I do know that there is often a great deal of inconvenience when a professor moves, no idea what happens when he dies. If your friends are dissertating, I suspect that the university will have to let them continue and maybe bring in an additional reader from outside the university for the panel if there is no one inside the department to help. It’s not in the university’s interest to make your friends’ hit restart on the dissertation, because completion rates are an internal and external marker for the department’s reputation. I could be wrong, but that’s my impression.

But, damn that sucks.

When I got my masters Something kind of similar happened. One of the other professors had a serious heart attack. He didn’t die, but was too weak to move for about a month, and it happened right at the last month of the semester.

My professor was the only other one really qualified to take overbut was already busy with his own PH.D candidates and his own masters students. They basically decided he should to concentrate on the PH.D. aspect and try to get that done for both sets. So for me and my cohorts our Masters theses presentation devolved into putting it into a manila envelope, handing it to the department secretary who threw it in a pile where I am sure it never got opened again.

Kind of disappointing really.

I got my Masters before I left for the new school, and it was kind of the same. A professor also in the group was my Masters advisor, and when I finished she said that she’d read it before it became a departmental report. Which I doubt it ever did. On the other hand, my daughter, who is in a PhD program, just finished hers. She wrote it in under a month based on some research she had already done, and it has been more or less thrown in a file even with a living, healthy advisor.
There are worse things. My wife decided to stop with a Masters, and her thesis became the focus point of a departmental war.

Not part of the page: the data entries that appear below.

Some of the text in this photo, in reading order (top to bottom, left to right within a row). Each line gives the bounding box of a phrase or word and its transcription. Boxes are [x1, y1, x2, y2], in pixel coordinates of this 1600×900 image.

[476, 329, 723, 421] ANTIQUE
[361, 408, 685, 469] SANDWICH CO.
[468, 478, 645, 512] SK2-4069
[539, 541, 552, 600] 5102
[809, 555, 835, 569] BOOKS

I’m sorry for those out there who have had this experience.

We just got back from the funeral. I learned a lot about this guy in the last 24 hours, though I never met him, he was actually supposed to take over as the director of the clinical psych department at Rutgers this Fall. All who knew him regarded him as the one who would help elevate the department to a new level. He studied at Penn under Martin Seligman. He achieved tenure. He just settled down with his long-term partner in a new house, and he had planned to hold a party on Sunday to celebrate all the wonderful things going on in his life. He just turned 39.

The funeral was incredibly moving, and the turnout was huge. This is a man who touched many lives and had a reputation as a compassionate, brilliant psychologist and a wonderful advisor. I want to leave that kind of impression when I go. There seemed to be no regrets – his partner said that he made sure others knew how much he appreciated them. There seemed just as much joy and peace as sorrow at this service. My friends seem to be holding up well enough. Lots of tears, and the whole department is in shock. I think it’s almost impossible to predict what’s going to happen at this point.

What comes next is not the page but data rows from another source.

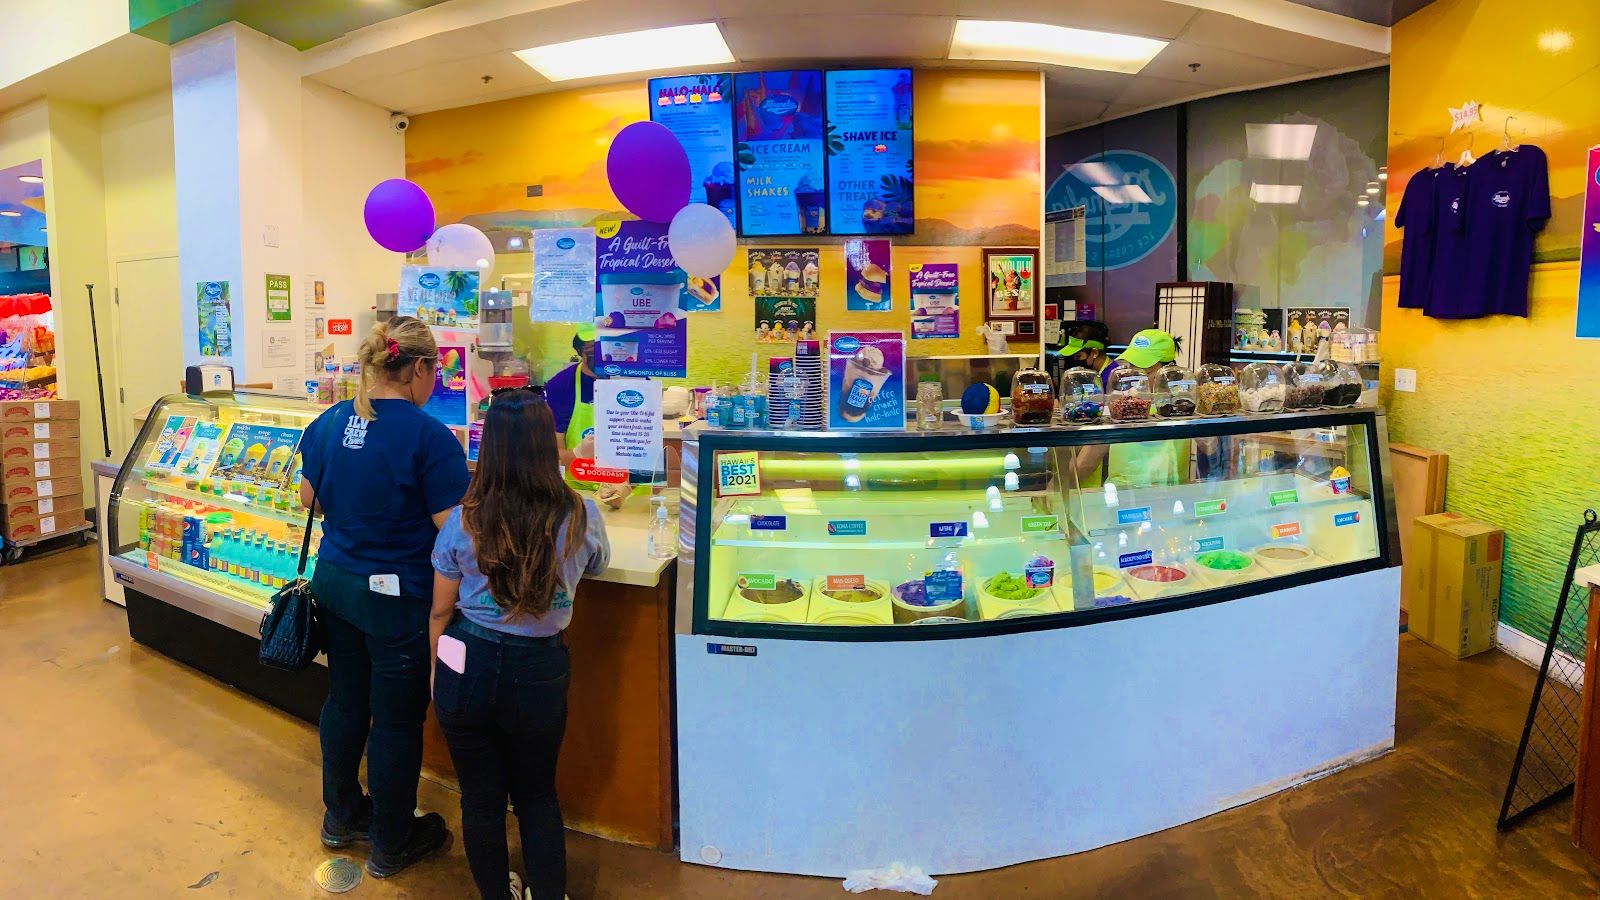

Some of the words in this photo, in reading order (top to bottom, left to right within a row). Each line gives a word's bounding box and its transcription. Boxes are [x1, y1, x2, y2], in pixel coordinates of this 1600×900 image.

[843, 131, 877, 141] SHAVE
[881, 131, 898, 140] ICE
[752, 144, 769, 154] ICE
[772, 143, 810, 154] CREAM
[746, 176, 772, 185] MILK
[838, 181, 875, 190] OTHER
[748, 187, 789, 197] SHAKES
[838, 192, 879, 200] TREATS
[600, 224, 616, 234] NEW!
[608, 236, 620, 252] A
[599, 252, 640, 271] Tropical
[632, 299, 652, 307] UBE
[722, 464, 755, 476] BEST
[729, 475, 756, 486] 2021

I have, unfortunately, seen two professors die young and leave behind doctoral students. I have also seen a professor (also young) have a massive stroke that severely hampered his ability to work. In all of these cases, the doctoral students were taken in by another professor in the department/program and allowed to finish their project. It does add an extra layer of complexity, because the new advisor is unlikely to be an expert in that exact field, but it’s generally the best option available.

In the end, I don’t think it changed the career path of any of the students other than perhaps slowing them down by a year or so.